Welcome to Dojo, a curated repository of foundational scripts designed for rapid implementation, conceptual clarity, and academic study. This repository serves as a personal "training hall" where complex mathematical, computational, and quantum theories are distilled into clean, executable Python code.
Dojo was created with a clear philosophy: theory becomes meaningful through implementation.

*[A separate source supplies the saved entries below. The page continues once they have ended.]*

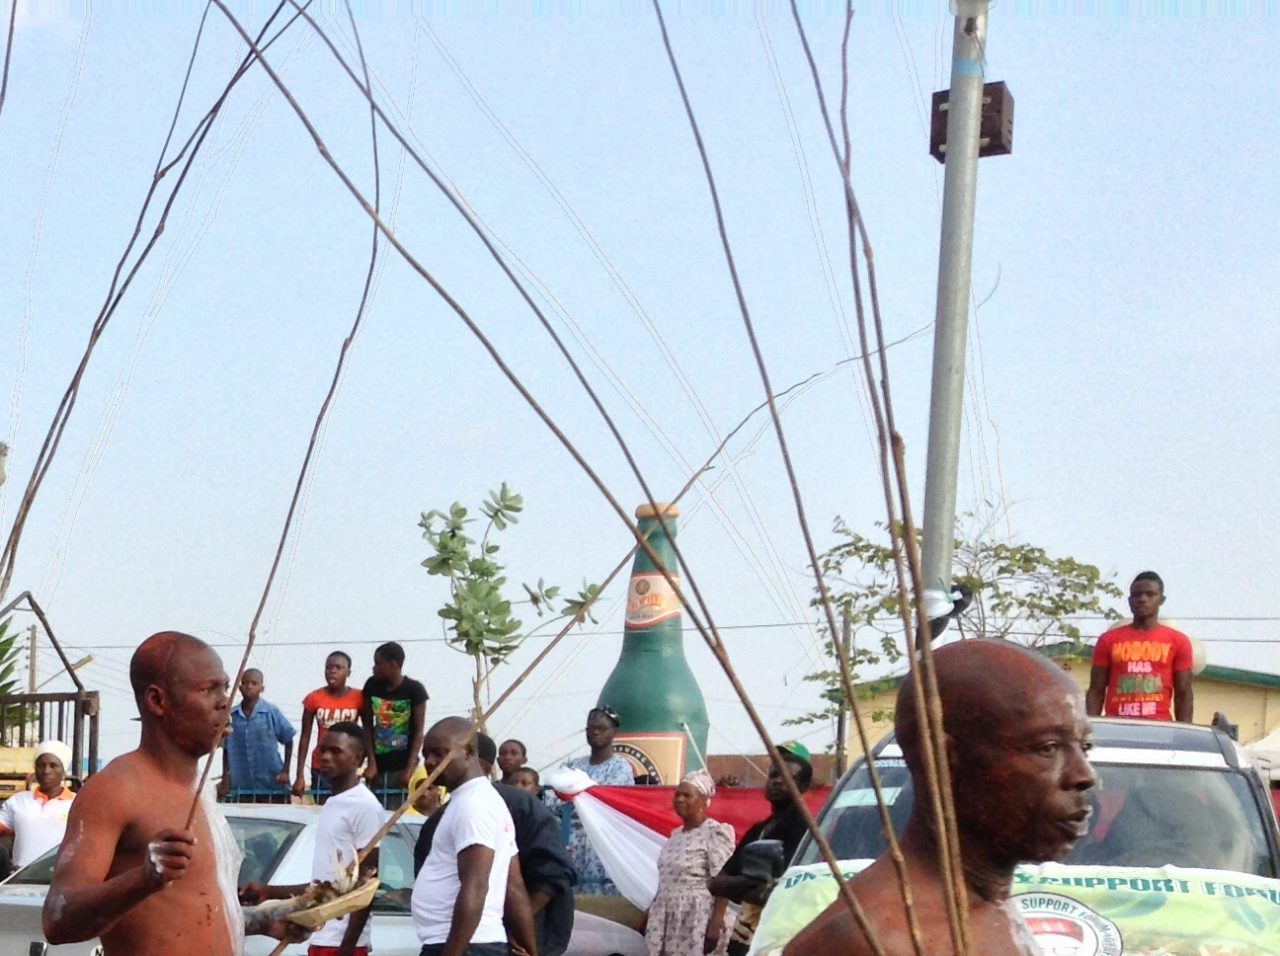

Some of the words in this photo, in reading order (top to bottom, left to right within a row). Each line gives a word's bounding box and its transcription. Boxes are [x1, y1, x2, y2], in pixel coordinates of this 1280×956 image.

[1112, 640, 1172, 663] NOBODY
[1127, 661, 1153, 674] HAS
[1118, 703, 1140, 716] LIKE
[1141, 702, 1157, 716] ME
[1021, 898, 1077, 914] SUPPORT
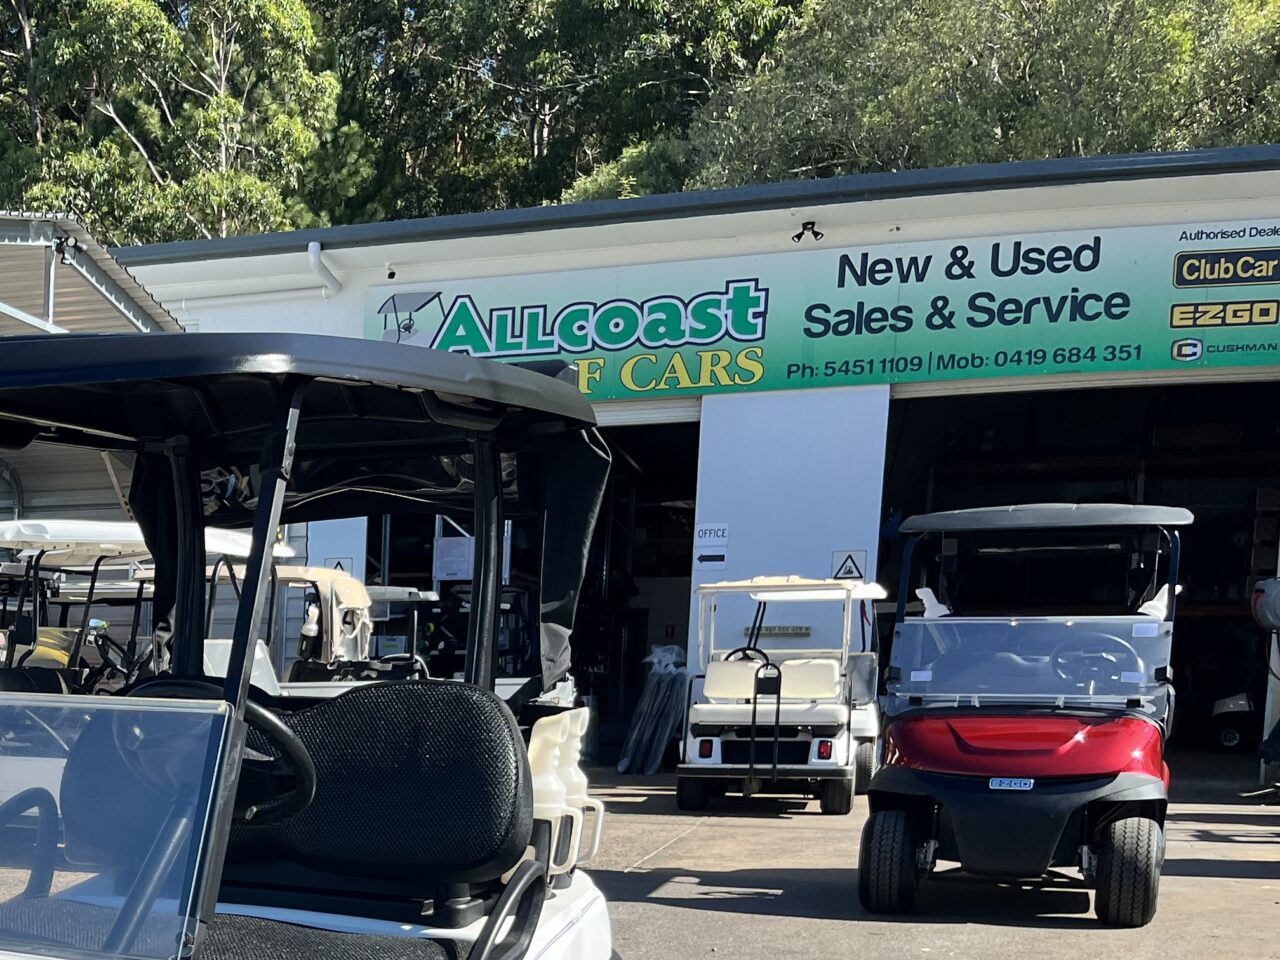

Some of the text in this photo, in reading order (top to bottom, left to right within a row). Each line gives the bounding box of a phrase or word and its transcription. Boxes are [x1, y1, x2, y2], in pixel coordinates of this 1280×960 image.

[1179, 227, 1246, 241] Authorised
[837, 236, 1101, 289] New & Used
[1182, 256, 1279, 281] Club Car
[803, 287, 1131, 339] Sales & Service
[787, 363, 819, 379] Ph:
[823, 359, 874, 377] 5451
[879, 356, 924, 374] 1109
[936, 353, 989, 370] Mob:
[994, 349, 1047, 367] 0419
[1052, 346, 1097, 364] 684
[1103, 344, 1142, 362] 351
[1206, 342, 1278, 354] CUSHMAN
[619, 346, 765, 392] CARS
[698, 528, 727, 539] OFFICE
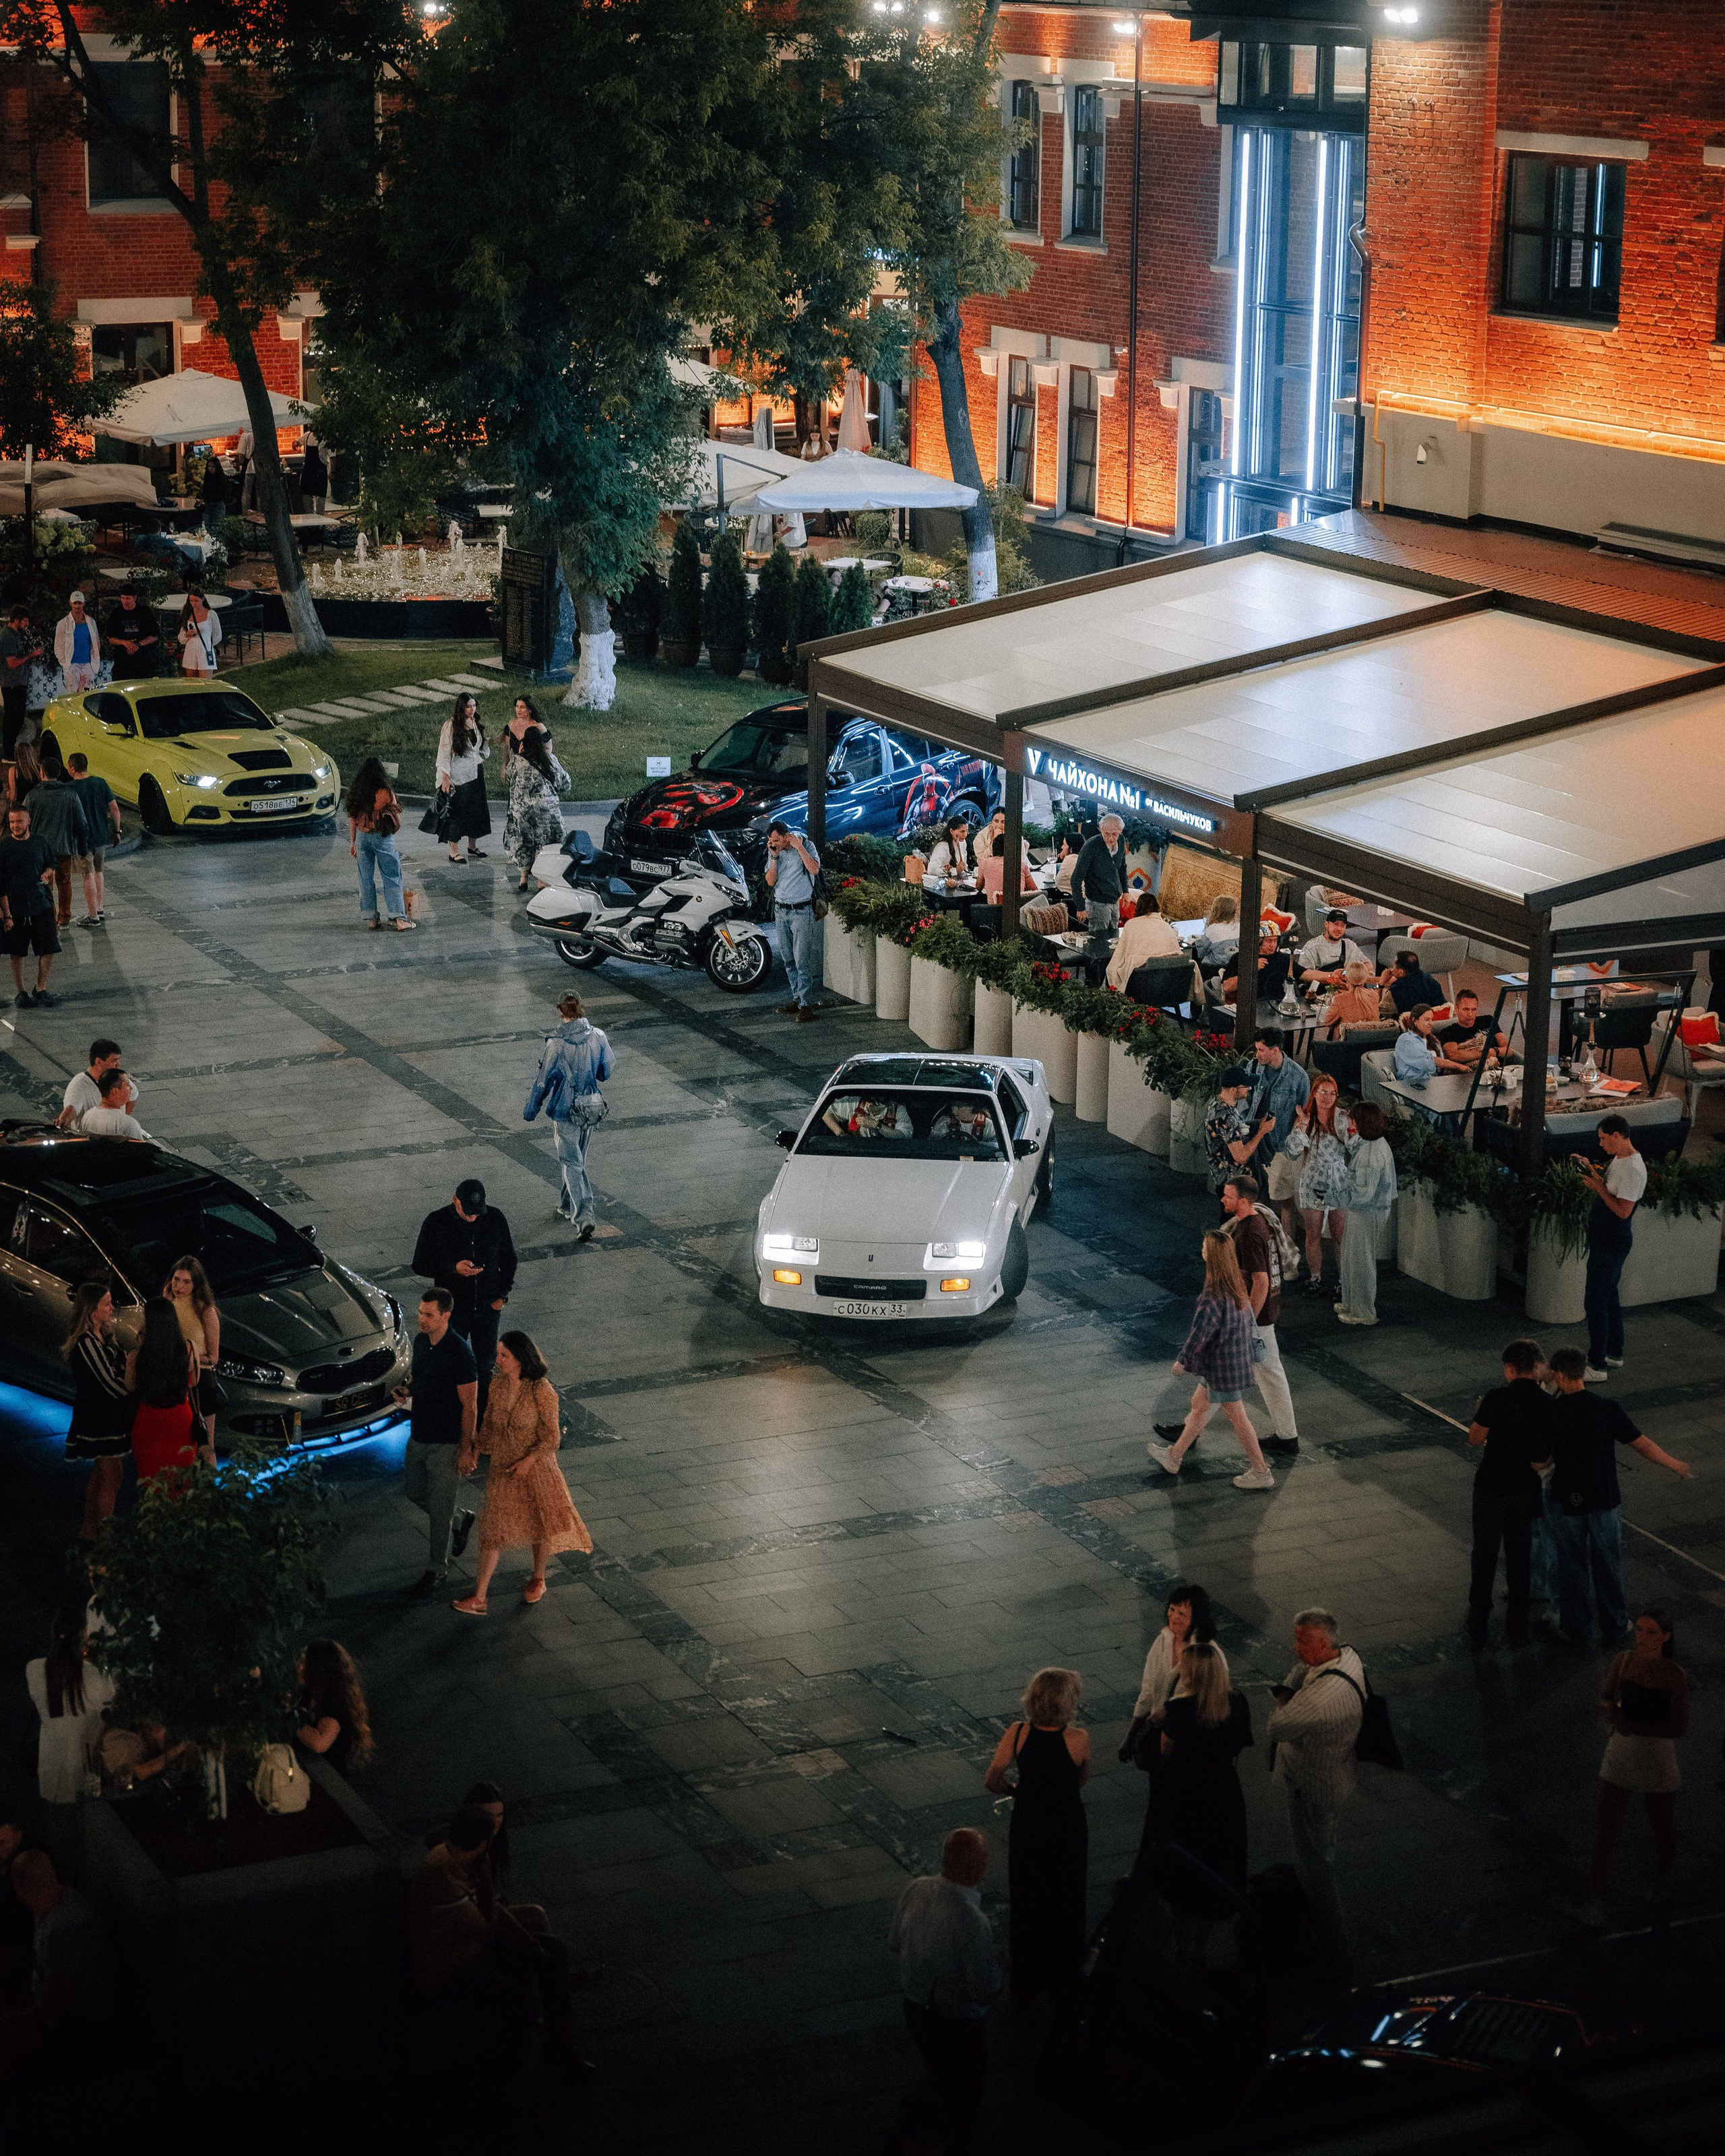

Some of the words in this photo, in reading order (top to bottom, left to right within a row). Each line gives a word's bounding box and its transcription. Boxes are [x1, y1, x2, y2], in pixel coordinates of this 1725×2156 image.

[1048, 758, 1119, 802] ЧАЙХОНА
[1154, 800, 1212, 831] ВАСИЛЬЧУКОВ
[890, 1304, 902, 1313] 33

Each script in this repository transforms abstract concepts from textbooks and research papers into tangible, executable code that you can run, modify, and understand.
The core principles guiding this project are:
- Learn by Doing: Reading about algorithms is valuable, but implementing them solidifies understanding
- Quick Experimentation: All scripts are self-contained and ready to run with minimal setup
- Educational Focus: Code is written for clarity and learning, not just performance
- Conceptual Depth: Each implementation tackles fundamental concepts that form the building blocks of advanced topics
Whether you're a student studying quantum computing, a developer exploring numerical methods, or a researcher needing quick reference implementations, Dojo provides you with clean, working code to accelerate your learning journey.
The goal of this project is to provide high-quality "boilerplate" scripts that allow users to:
- Rapidly Implement: Core algorithms in diverse technical domains without starting from scratch
- Understand Concepts: Through practical, hands-on code interaction rather than passive reading
- Edit & Experiment: With parameters and inputs to study algorithmic behavior and outcomes
- Reference Implementations: Use as templates or starting points for your own projects
The Dojo is organized into specialized directories covering the pillars of modern science and engineering:
Focuses on numerical methods and abstract mathematical structures.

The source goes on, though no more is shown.